Sports and Games Entertainment Corporation (SAGE) has held the exclusive rights to online gambling and sports betting in the island in the South China Sea for four years. The contract runs until 2005, but the group's status as an exclusive licensee could be in jeopardy.
The Philippine Amusement and Gaming Corp (Pagcor), a government-run organization that oversees all gambling activities, is assessing whether SAGE will maintain its exclusivity, or whether it will open up the market to PhilWeb Corp., a competing interest.
BusinessWorld reported last week that PhilWeb, formerly PhilWeb.com Inc., is negotiating with several local sports betting operators to meet the target launch date of its Internet gaming operations and consequently enable the group to obtain a slice of the US$4 billion global industry.
One foreseen obstacle for PhilWeb is that it is required to secure a franchise from Pagcor to enter the Internet gaming and sports betting arena.
Obtaining the license could prove difficult, as the administration has stated that no new licenses should be granted to gambling operators.
Chedorlomer Lagabong of Pagcor told BusinessWorld SAGE was stripped of its exclusive right due to its failure to immediately put up an online betting system after getting Pagcor's approval in 1998.
She added that SAGE could not stop Pagcor from permitting PhilWeb to operate an online casino and sports betting service because the "exclusivity" provision in the contract has been rescinded.

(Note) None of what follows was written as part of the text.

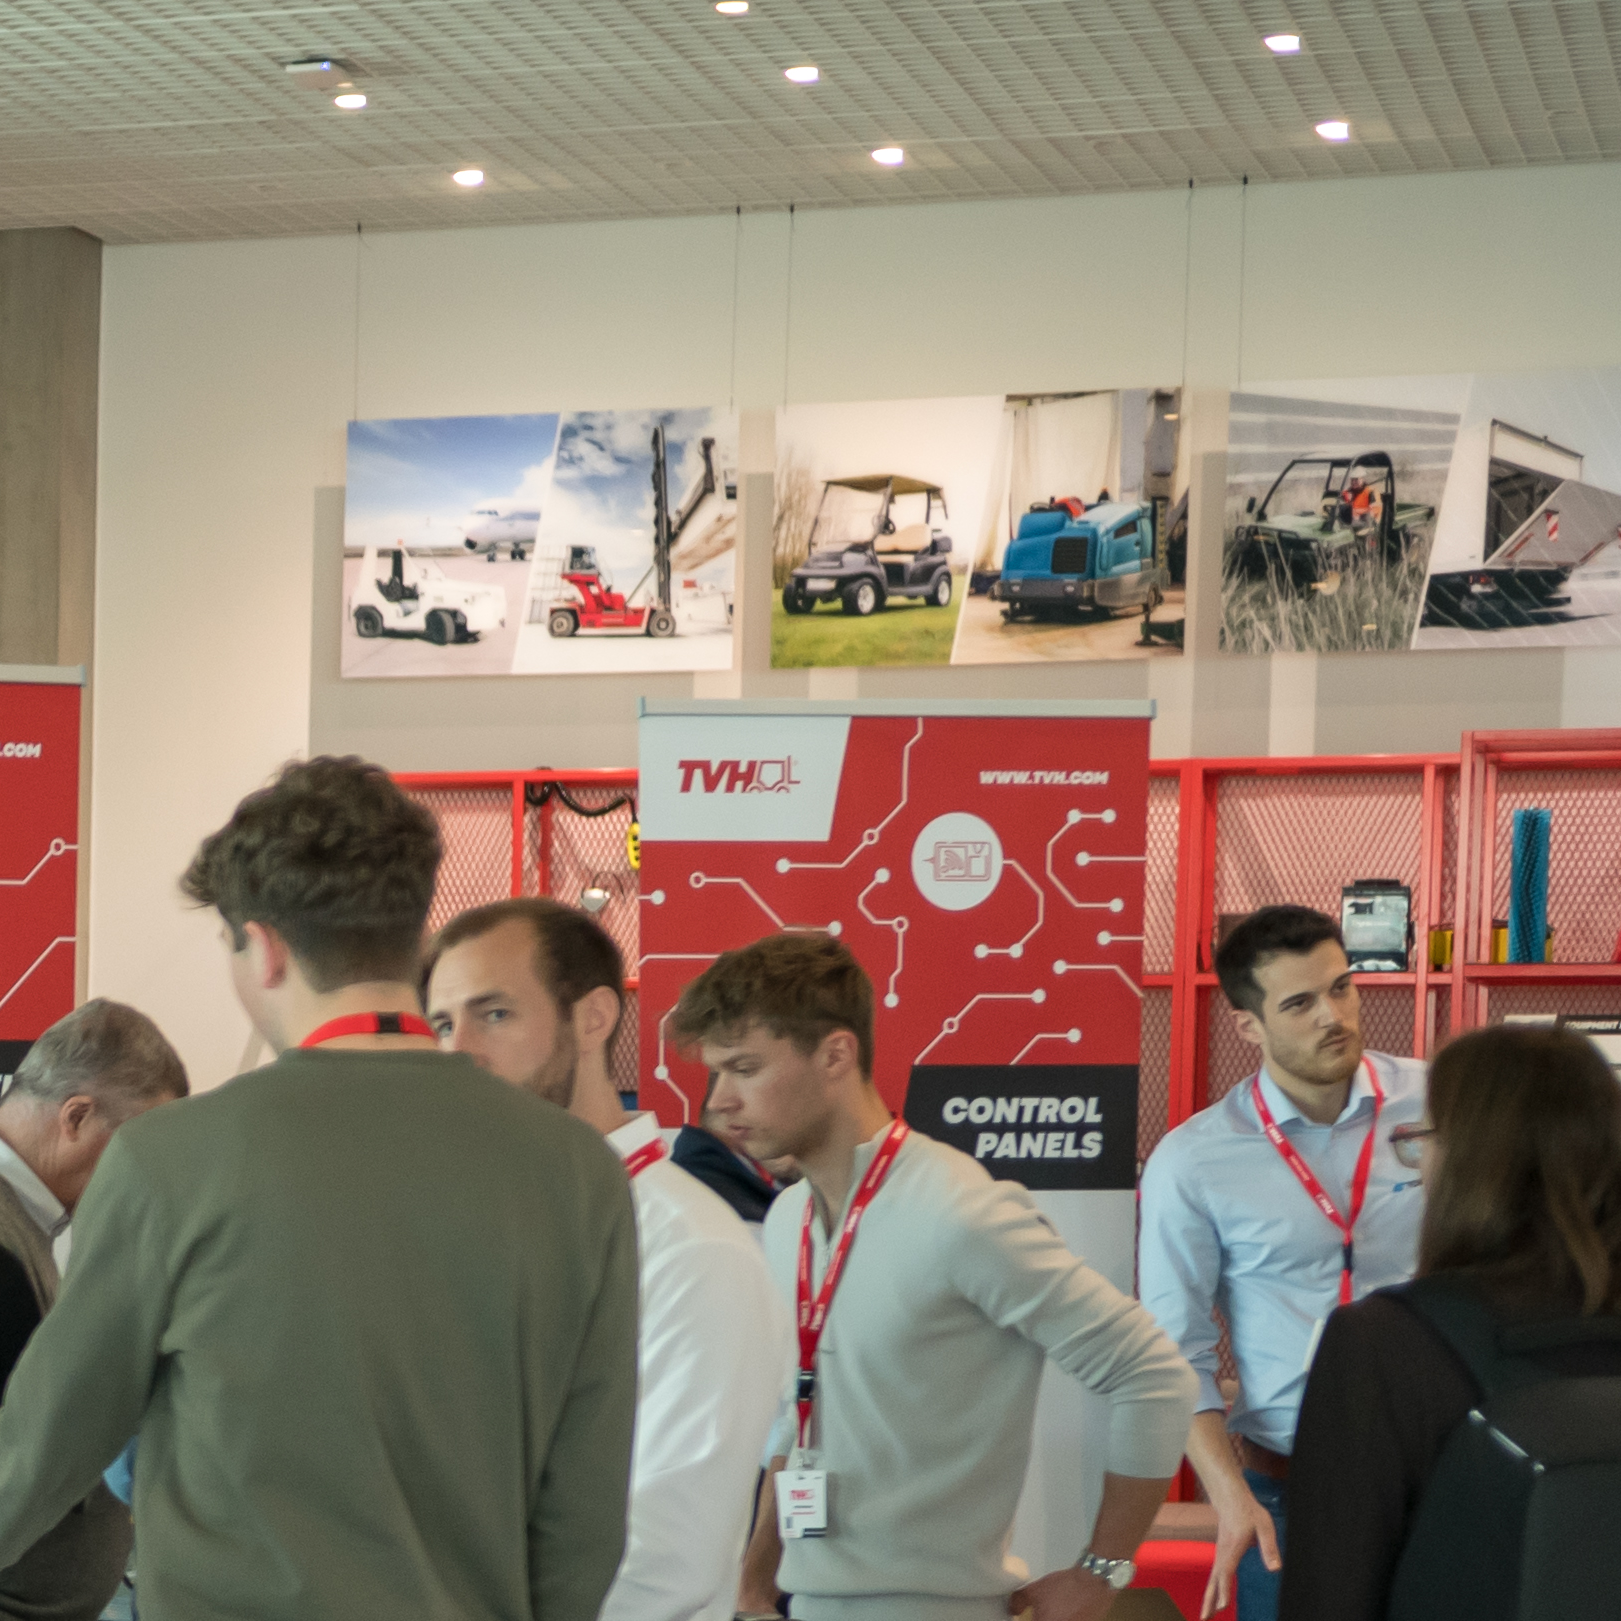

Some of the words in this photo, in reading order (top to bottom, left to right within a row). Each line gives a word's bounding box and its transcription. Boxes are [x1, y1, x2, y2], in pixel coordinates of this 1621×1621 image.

SAGE's president and CEO, Patrick Deakin, sees it quite differently. "They wanted to remove our exclusive rights, and we did not agree," Deakin explained. "They cited the delay in the establishment of a facility, which was not our fault. Our application with Pagcor (for a space at the Casino Filipino in ParaƱaque, southern Metro Manila) has been pending for more than a year. We are still exclusive as far as we are concerned."
Deakin said the decision was unacceptable and insisted that Pagcor could not entertain other proponents until 2005.
Pagcor claims that in February, then-Pagcor president Rafael Francisco informed SAGE of the board decision to revoke the exclusive license, citing the delays in the delivery of its commitments as the reason.
"The Internet gaming market is huge and it would be self defeating to limit operations to just one company," Lagabong said.
A SAGE official stated that if the PhilWeb begins operating without the state gaming firm's nod, SAGE would sue PhilWeb executives
"We will work to protect our license. It cost us a lot of money to develop our system. We, as the pioneer, poured in substantial investments and we will not allow others to copy what we have worked hard for," Deakin said.
Instead of encroaching on SAGE's license, Deakin proposed possibly forging a partnership, which, he said, could prove beneficial to both SAGE and PhilWeb's 3,000 dealers nationwide.